81 points by burnoutsysadmin ↗ HN
Experience and connections don't seem to matter when you're old and crazy. I'm 40 years old, and I've been working in tech in some fashion since I was 12.

I've managed a dozen datacenters, implemented CFEngine, Chef, Puppet, Salt. I've started 2 failed web apps, a boutique bicycle company, a successful "devops" consulting company that I sold, and a dns company that I sold.

I'm also crazy, bi-polar 2, and have burned many, many bridges. I'm unable to learn to code at this point, I'm unable to focus on anything for more than 10 minutes at a time, and that's a good day.
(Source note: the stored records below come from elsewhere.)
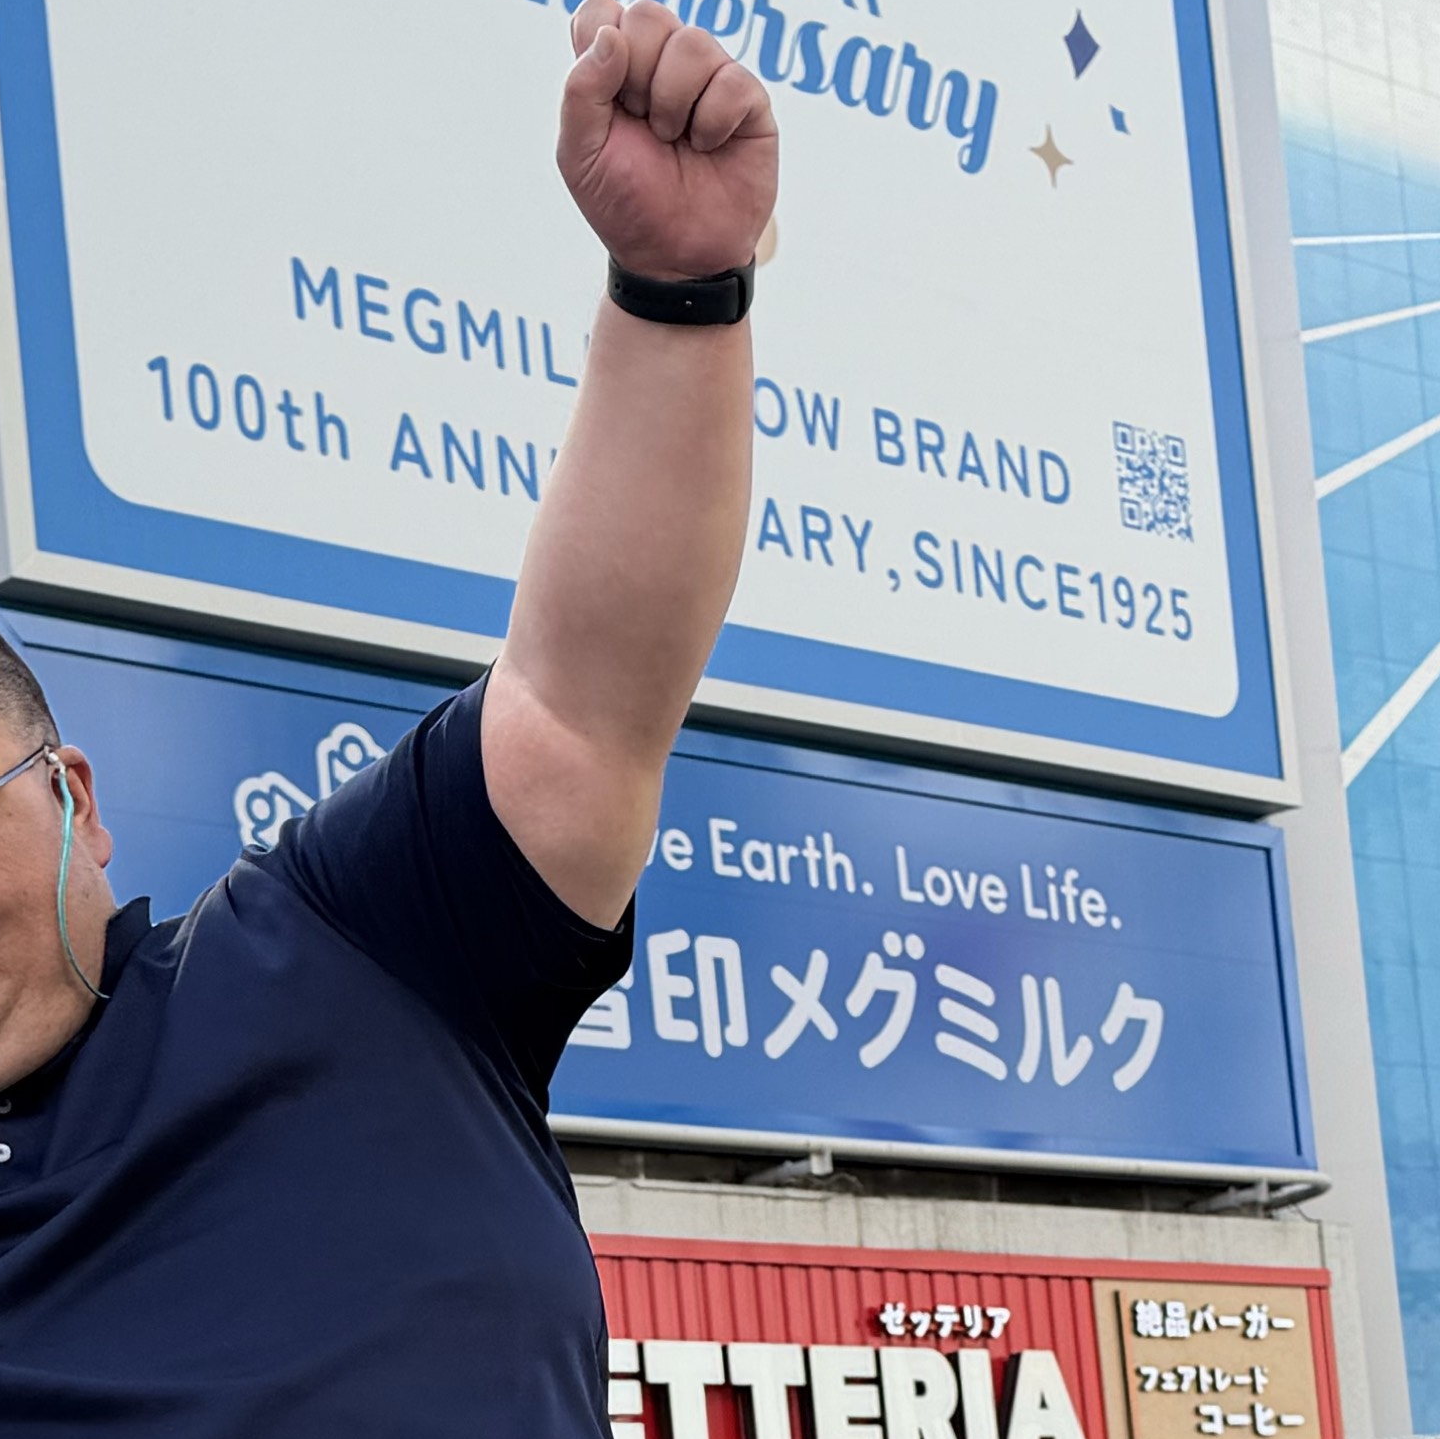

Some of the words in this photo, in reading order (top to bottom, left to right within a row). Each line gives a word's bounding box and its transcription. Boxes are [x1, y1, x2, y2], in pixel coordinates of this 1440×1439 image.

[147, 354, 350, 462] 100th
[290, 256, 591, 389] MEGMIL
[873, 406, 1072, 506] BRAND
[708, 817, 874, 897] Earth.
[895, 846, 1008, 913] Love
[1020, 863, 1122, 930] Life.
[878, 1301, 1013, 1340] ゼッテリア
[1133, 1298, 1295, 1340] 絶品バーガー
[1196, 1402, 1306, 1437] コーヒー
I've tried most attention drugs, meditation, every other armchair psychology technique you might suggest. I'm just incapable of becoming more than just another old sysadmin who writes shell script and a cut and paste coder.
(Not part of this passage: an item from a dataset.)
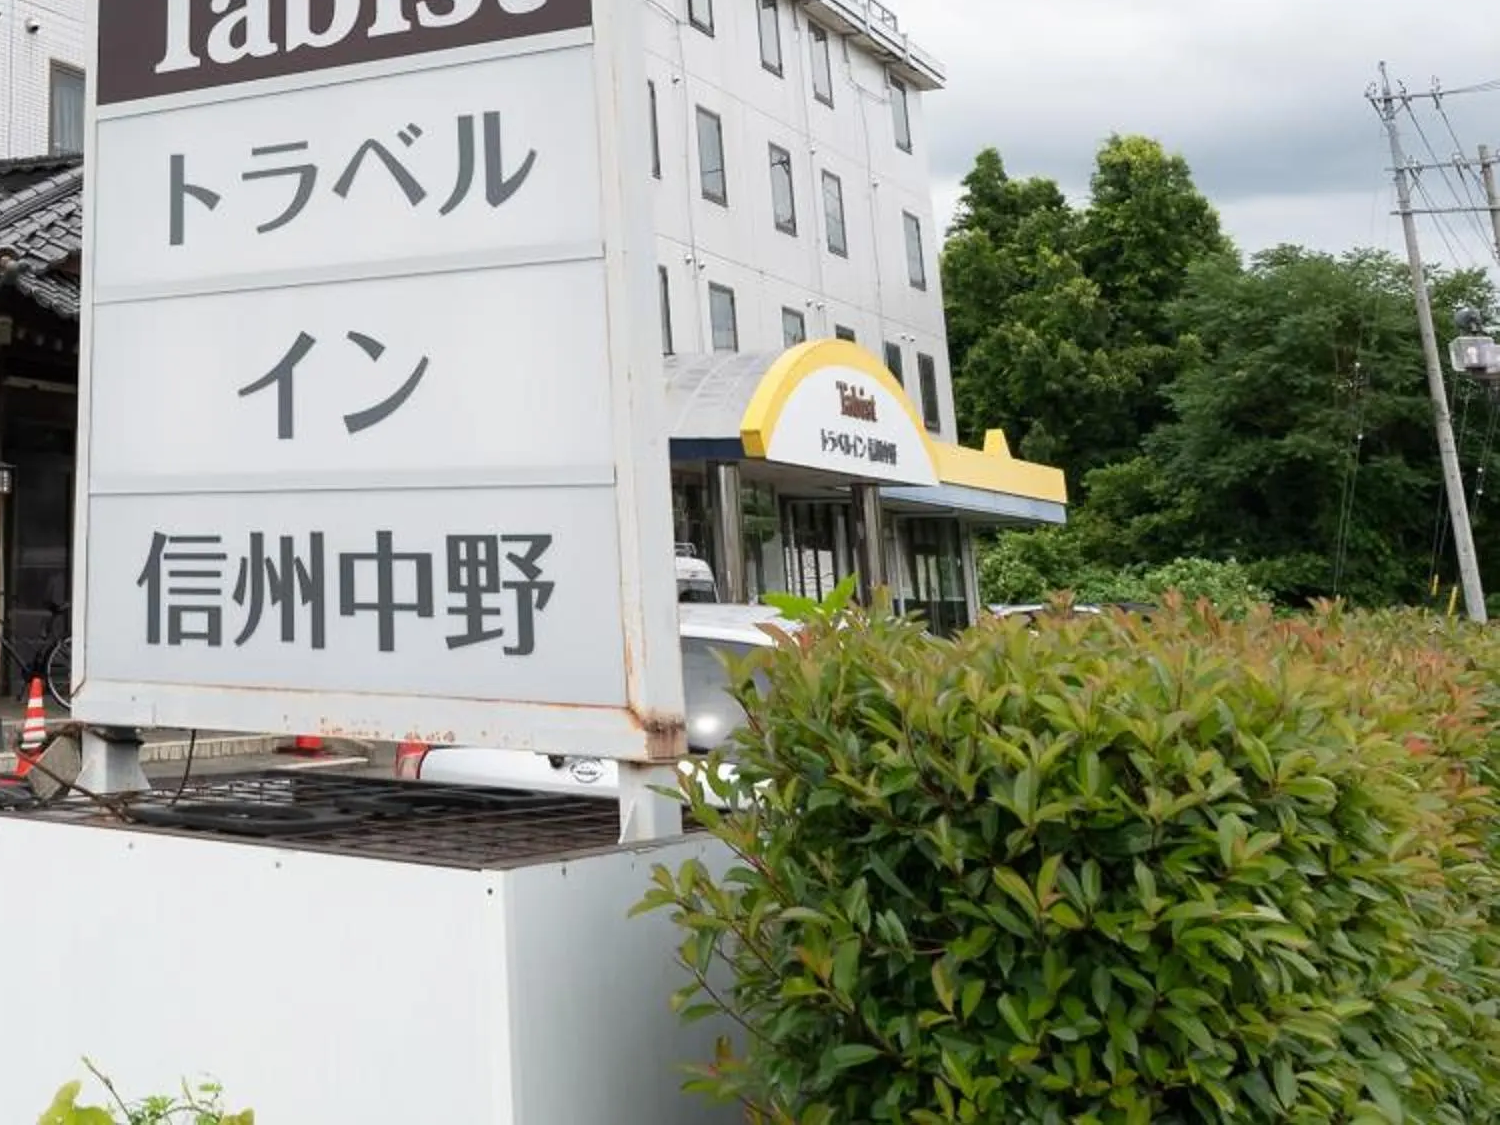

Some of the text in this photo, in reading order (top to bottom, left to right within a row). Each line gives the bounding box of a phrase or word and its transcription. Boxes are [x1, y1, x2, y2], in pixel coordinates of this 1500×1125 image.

[169, 111, 537, 245] トラベル
[237, 331, 428, 439] イン
[137, 531, 555, 656] 信州中野
I was fired from my last job for daring to ask my boss to narrow the $50k gap between me and everybody else in my team who had the same title as me. I was desperate to find a job and had to accept an insultingly low salary.

Now I've applied to about 500 positions with exactly 5 responses. 2 lead to embarassing coding interviews with 22 year old children. The other 3 were polite "go away, old men".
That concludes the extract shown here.